Military doctors said the findings were no surprise given the dramatic increase in fighting, which was at its most intense level during the survey period since officials began doing such battlefield mental health analyses in 2003. The grim statistics dramatized the psychological cost of a war campaign that U.S. commanders and officials say has reversed the momentum of the insurgency in the war-ravaged country.

"There are few stresses on the human psyche as extreme as the exposure to combat," Lt.-Gen. Eric B. Schoomaker, the Army surgeon general, said at a Pentagon news conference.

Some 70 to 80 per cent of troops surveyed for the report said they had seen a buddy killed; roughly half of soldiers and 56 per cent of Marines said they'd killed an enemy fighter, and about two thirds of troops said that a roadside bomb — the No. 1 weapon of insurgents — had gone off within 55 yards of them.

Those incidents were higher than what troops experienced in the previous year in Afghanistan as well as during the 2007 surge of extra troops into Iraq, the report said.

But the rate of psychological problems may actually be small, considering the high level of combat that troops are seeing, said Col. Paul Bliese, who led the last three survey teams to the battlefield, in 2007, 2009 and 2010.

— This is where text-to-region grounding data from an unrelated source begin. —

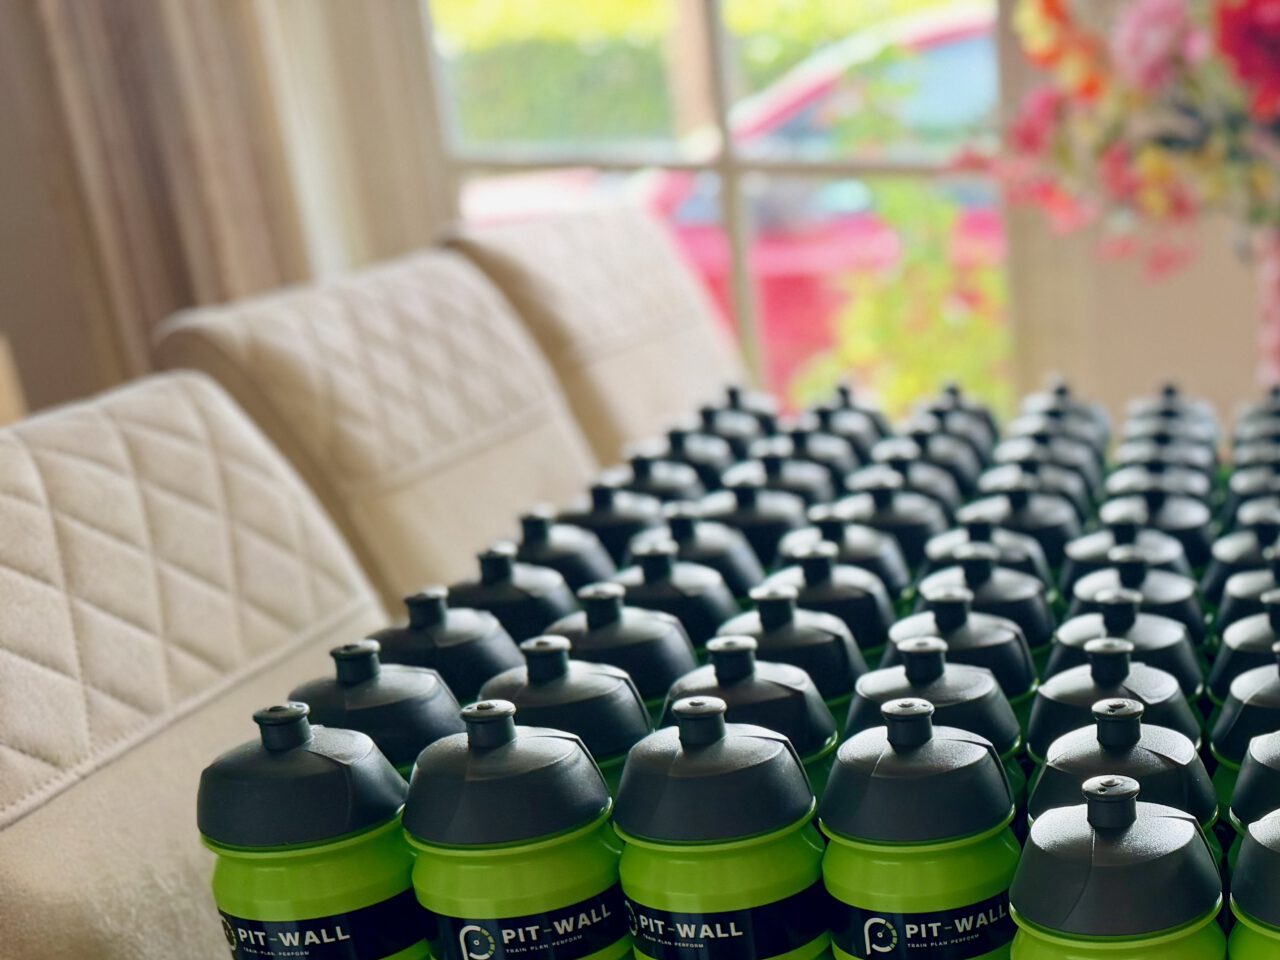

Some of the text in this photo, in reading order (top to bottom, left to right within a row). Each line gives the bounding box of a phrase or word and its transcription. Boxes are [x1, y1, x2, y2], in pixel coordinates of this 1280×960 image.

[237, 925, 351, 948] PIT-WALL
[502, 903, 612, 944] PIT-WALL
[639, 914, 743, 938] PIT-WALL
[905, 904, 1007, 940] PIT-WALL
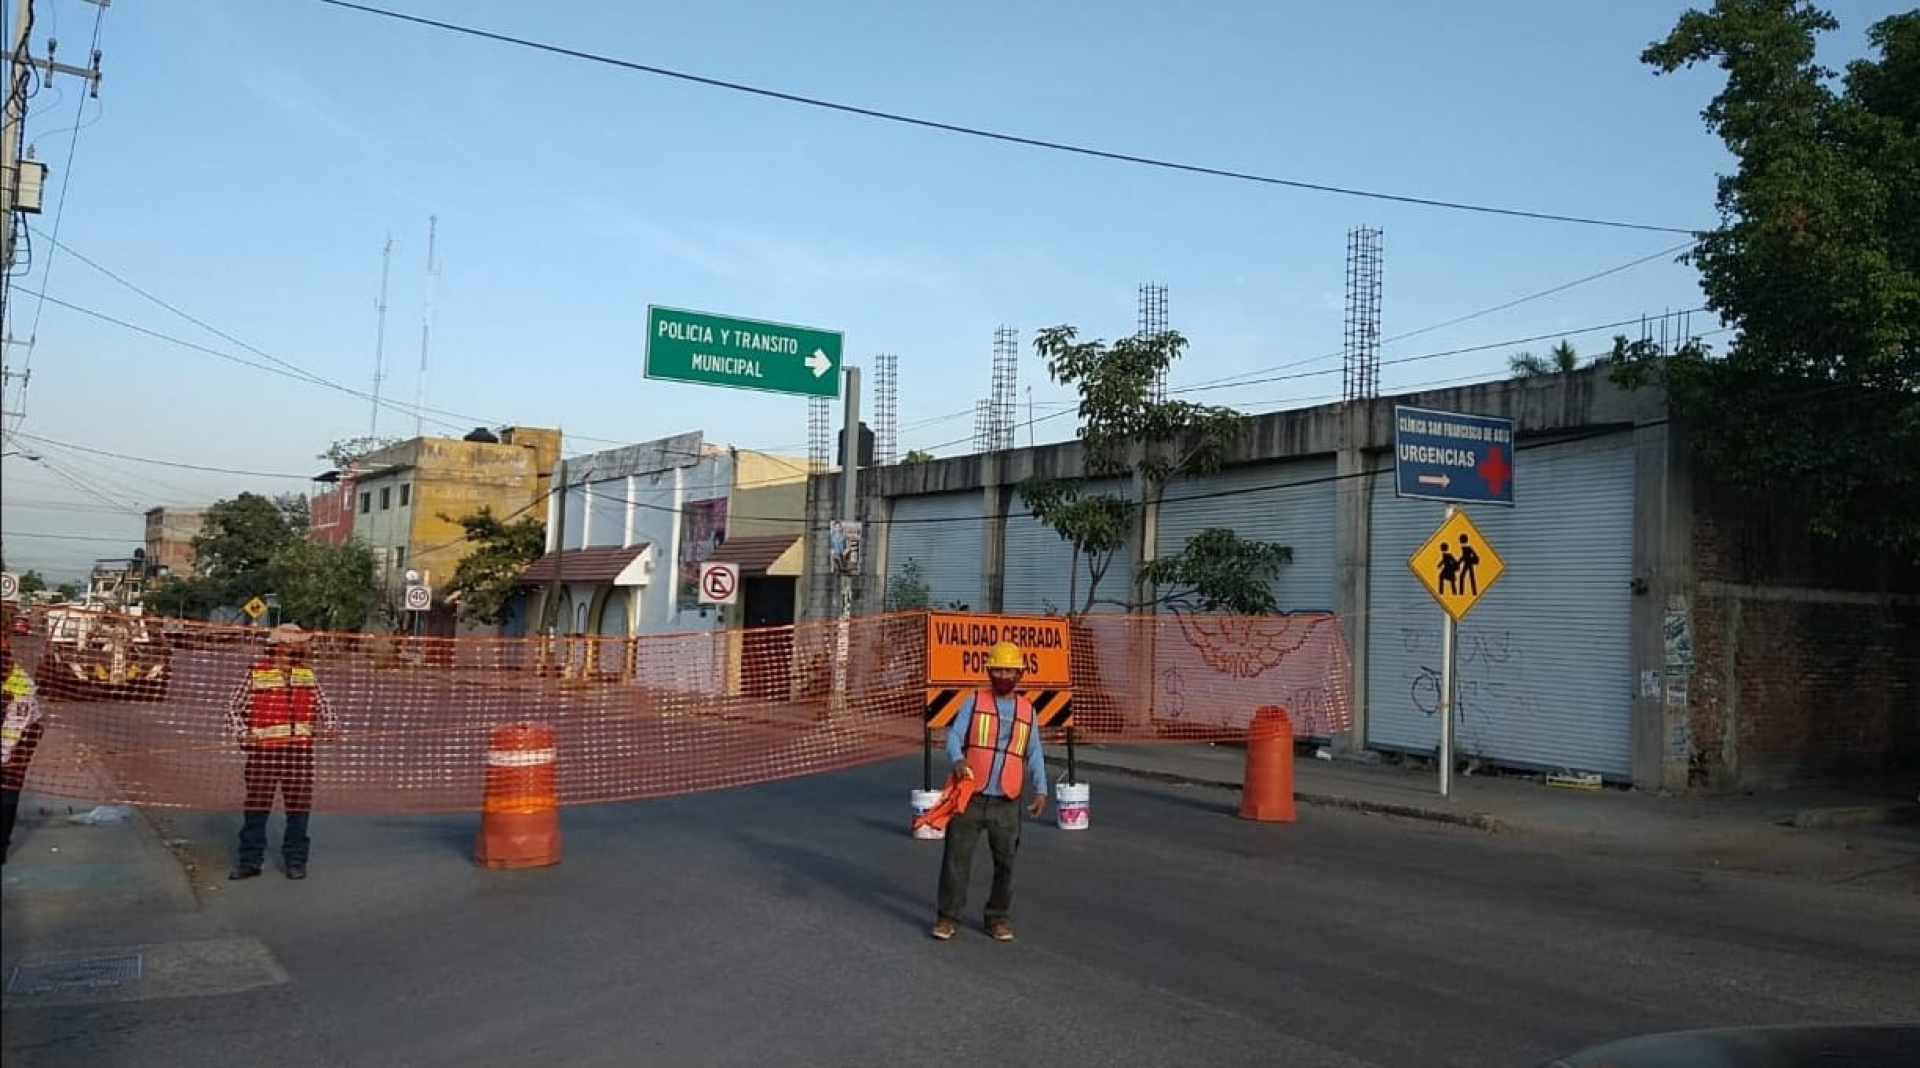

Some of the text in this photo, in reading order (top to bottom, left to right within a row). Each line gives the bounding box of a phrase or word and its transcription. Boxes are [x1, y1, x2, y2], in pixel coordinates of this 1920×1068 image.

[658, 319, 798, 355] POLICIA Y TRANSITO
[692, 353, 763, 378] MUNICIPAL
[1400, 443, 1475, 467] URGENCIAS
[937, 623, 1061, 647] VIALIDAD CERRADA

"We would have expected to see a much larger increase in the mental health symptoms and a much larger decrease in morale . . . based on these incredibly high rates of exposure" to traumatic combat events, Bliese said.

Meanwhile, the military said that it has doubled the mental health staff in the country to help troops cope with their problems.

The new data comes from a mental health team that polled more than 900 soldiers, 335 Marines and 85 mental health workers on the Afghan battlefield during last July and August.